* **What is expected**: Please retype every record exactly as it appears, omitting the pictures.

[Extracted information — start]

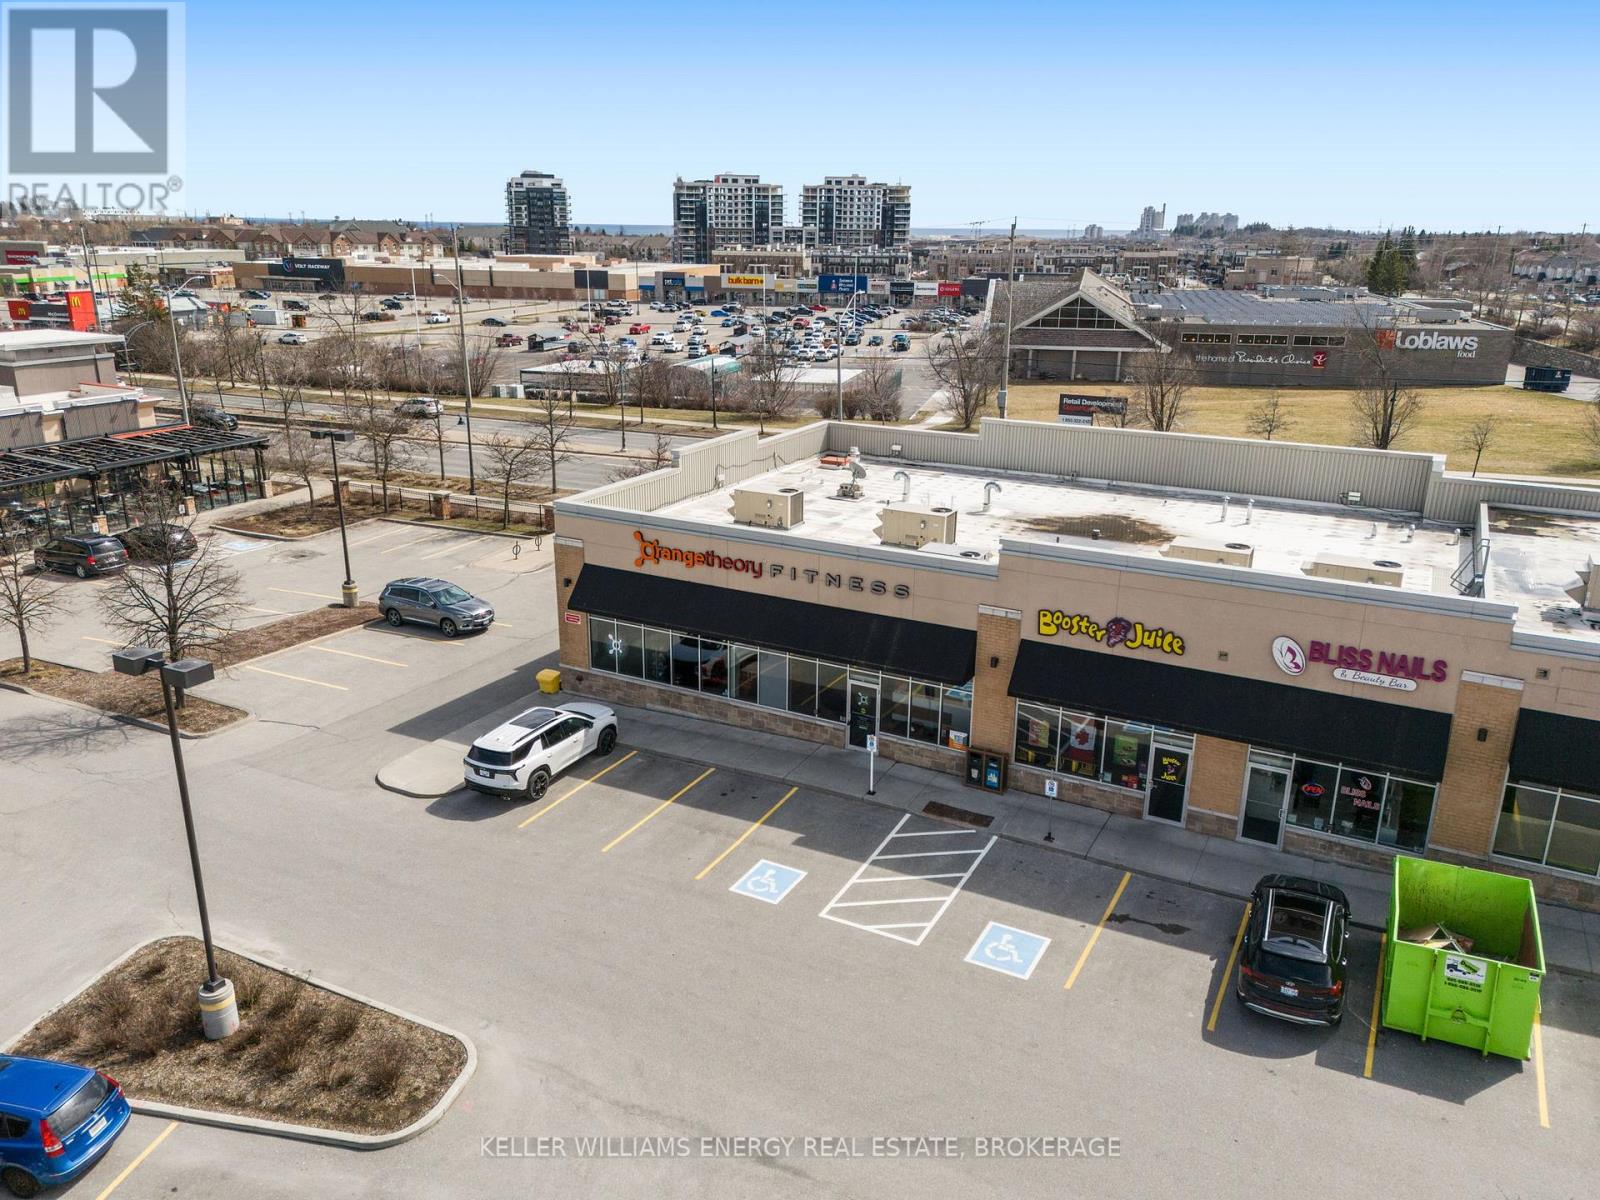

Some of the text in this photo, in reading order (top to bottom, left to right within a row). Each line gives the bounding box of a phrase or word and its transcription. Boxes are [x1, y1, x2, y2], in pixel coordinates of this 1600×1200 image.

[1395, 330, 1479, 351] Loblaws
[1457, 350, 1476, 359] food
[1063, 397, 1081, 405] Retail
[770, 564, 911, 599] FITNESS
[1038, 609, 1186, 655] Booster Juice
[1308, 640, 1448, 683] BLISS NAILS
[1339, 669, 1409, 690] & Beauty Bar

[Extracted information — finish]

* **Task output**:
Some of the text in this photo, in reading order (top to bottom, left to right within a row). Each line gives the bounding box of a phrase or word and its transcription. Boxes are [x1, y1, x2, y2], in pixel coordinates of this 1600×1200 image.

[1395, 330, 1479, 351] Loblaws
[1457, 350, 1476, 359] food
[1063, 397, 1081, 405] Retail
[770, 564, 911, 599] FITNESS
[1038, 609, 1186, 655] Booster Juice
[1308, 640, 1448, 683] BLISS NAILS
[1339, 669, 1409, 690] & Beauty Bar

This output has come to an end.